BAB VI KESIMPULAN DAN REKOMENDASI
Pada dasarnya pada bab ini penulis menuangkan interpretasinya setelah
menganalisis hasil penelitian tersebut. Bab kesimpulan ini bukan merupakan
rangkuman penelitian, melainkan hasil pemahaman penulis dalam memecahkan
permasalahan. Dalam menuliskan kesimpulan ini bisa dituangkan dengan cara
butir demi butir atau pun dalam bentuk uraian padat. Di sini juga dituangkan
mengenai rekomendasi atau saran baik untuk pembaca pada umumnya atau pun
untuk instansi tertentu.
22
DAFTAR PUSTAKA
Pada bagian ini, dituliskan sumber-sumber bacaan yang digunakan oleh
penulis ketika melakukan penelitian.
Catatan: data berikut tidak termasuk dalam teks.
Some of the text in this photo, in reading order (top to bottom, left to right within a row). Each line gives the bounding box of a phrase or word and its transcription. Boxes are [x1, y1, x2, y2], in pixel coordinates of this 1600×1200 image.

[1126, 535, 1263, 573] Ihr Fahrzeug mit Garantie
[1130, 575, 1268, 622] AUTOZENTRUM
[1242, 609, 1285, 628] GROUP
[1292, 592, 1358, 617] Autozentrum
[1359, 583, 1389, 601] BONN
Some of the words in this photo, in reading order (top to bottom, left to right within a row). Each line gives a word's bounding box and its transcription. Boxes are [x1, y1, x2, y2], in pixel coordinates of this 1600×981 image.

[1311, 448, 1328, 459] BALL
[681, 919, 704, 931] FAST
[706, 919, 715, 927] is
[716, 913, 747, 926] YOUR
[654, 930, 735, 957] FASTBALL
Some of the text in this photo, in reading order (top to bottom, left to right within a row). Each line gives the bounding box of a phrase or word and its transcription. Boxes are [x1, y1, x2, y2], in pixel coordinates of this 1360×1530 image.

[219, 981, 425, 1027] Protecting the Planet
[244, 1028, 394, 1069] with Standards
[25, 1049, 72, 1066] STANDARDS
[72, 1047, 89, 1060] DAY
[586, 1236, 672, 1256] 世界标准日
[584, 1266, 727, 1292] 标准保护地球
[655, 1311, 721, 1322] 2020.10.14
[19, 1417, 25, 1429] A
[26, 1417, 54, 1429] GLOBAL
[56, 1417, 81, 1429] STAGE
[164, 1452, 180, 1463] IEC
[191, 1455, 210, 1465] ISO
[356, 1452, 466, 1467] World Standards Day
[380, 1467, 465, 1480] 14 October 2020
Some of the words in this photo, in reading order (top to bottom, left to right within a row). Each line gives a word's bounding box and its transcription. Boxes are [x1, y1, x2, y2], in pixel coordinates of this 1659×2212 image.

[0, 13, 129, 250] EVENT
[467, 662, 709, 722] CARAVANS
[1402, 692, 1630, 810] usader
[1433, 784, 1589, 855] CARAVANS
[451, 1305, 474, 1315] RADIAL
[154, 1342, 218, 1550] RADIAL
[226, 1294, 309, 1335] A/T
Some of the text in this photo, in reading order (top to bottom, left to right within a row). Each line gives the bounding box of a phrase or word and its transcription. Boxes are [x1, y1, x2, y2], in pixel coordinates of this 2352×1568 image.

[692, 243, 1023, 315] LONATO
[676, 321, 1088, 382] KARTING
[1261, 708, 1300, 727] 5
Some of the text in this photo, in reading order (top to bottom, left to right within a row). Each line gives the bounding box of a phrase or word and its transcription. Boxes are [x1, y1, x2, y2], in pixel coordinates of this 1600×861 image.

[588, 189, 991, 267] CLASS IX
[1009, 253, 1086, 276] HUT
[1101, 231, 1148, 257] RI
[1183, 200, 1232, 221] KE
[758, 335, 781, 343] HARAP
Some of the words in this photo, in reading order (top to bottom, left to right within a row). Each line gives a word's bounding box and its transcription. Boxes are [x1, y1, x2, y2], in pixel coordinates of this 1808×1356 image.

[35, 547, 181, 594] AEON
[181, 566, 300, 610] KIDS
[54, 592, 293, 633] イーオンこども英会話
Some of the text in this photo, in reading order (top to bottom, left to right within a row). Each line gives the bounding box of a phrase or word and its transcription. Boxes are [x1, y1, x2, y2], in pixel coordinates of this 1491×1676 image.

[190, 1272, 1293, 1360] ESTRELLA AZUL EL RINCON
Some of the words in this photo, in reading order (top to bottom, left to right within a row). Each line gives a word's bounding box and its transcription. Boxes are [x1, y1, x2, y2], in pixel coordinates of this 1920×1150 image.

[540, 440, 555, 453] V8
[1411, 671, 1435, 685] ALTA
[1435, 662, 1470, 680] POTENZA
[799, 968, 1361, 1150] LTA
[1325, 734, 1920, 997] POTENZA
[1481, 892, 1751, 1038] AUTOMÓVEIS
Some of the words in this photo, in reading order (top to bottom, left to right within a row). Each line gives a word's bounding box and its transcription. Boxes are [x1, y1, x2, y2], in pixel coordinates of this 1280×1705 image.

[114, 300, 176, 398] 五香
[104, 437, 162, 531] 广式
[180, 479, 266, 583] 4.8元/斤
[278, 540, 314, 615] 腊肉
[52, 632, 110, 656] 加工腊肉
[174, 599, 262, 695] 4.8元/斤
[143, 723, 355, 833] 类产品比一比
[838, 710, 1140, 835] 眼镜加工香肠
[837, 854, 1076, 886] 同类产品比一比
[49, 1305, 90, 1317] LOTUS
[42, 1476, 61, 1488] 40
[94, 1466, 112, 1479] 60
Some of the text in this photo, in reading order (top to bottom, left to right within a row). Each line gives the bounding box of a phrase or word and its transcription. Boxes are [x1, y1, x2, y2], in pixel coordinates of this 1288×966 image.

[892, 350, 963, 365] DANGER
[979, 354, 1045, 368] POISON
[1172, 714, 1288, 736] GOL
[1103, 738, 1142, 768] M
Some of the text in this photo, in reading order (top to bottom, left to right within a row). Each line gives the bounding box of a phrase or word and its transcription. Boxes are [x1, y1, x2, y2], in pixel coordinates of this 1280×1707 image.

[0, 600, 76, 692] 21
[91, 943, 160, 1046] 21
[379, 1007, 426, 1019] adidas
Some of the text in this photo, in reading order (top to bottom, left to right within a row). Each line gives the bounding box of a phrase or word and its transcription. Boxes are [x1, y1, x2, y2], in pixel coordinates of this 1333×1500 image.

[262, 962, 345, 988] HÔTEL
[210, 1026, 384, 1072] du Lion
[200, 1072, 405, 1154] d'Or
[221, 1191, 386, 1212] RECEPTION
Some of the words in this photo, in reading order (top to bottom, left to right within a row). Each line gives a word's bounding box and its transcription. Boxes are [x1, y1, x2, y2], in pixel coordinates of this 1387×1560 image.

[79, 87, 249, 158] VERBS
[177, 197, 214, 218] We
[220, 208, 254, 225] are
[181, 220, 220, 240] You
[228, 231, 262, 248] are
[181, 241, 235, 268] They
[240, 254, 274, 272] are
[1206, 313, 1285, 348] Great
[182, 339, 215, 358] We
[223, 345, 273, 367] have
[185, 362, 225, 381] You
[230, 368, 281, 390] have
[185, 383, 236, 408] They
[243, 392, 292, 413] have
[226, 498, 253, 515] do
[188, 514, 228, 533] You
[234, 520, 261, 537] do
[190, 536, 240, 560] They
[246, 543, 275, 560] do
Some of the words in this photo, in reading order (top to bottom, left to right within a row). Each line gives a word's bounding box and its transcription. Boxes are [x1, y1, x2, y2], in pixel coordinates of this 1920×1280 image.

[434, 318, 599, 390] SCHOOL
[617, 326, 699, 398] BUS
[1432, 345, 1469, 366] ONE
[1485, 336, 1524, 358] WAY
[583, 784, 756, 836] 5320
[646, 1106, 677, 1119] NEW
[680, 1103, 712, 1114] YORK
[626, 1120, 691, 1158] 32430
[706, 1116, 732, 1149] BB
Sumber disini bisa berupa buku, majalah,
surat kabar, draf atau dokumen dari kecamatan, daftar informan dan masih banyak
lagi. Penulisan daftar pustaka disesuaikan dengan kaidah yang berlaku.
LAMPIRAN-LAMPIRAN
Pada bagian ini berisi semua dokumen yang digunakan dalam penelitian
oleh penulis. Setiap lampiran diberi nomor urut serta diberi judul agar
memudahkan pembaca.
RIWAYAT HIDUP
Pada bagian ini penulis menjabarkan mengenai riwayat hidupnya secara
singkat dan jelas. Sementara itu juga dijabarkan mengenai pengalaman
berorganisasi serta prestasi penulis yang pernah diraih.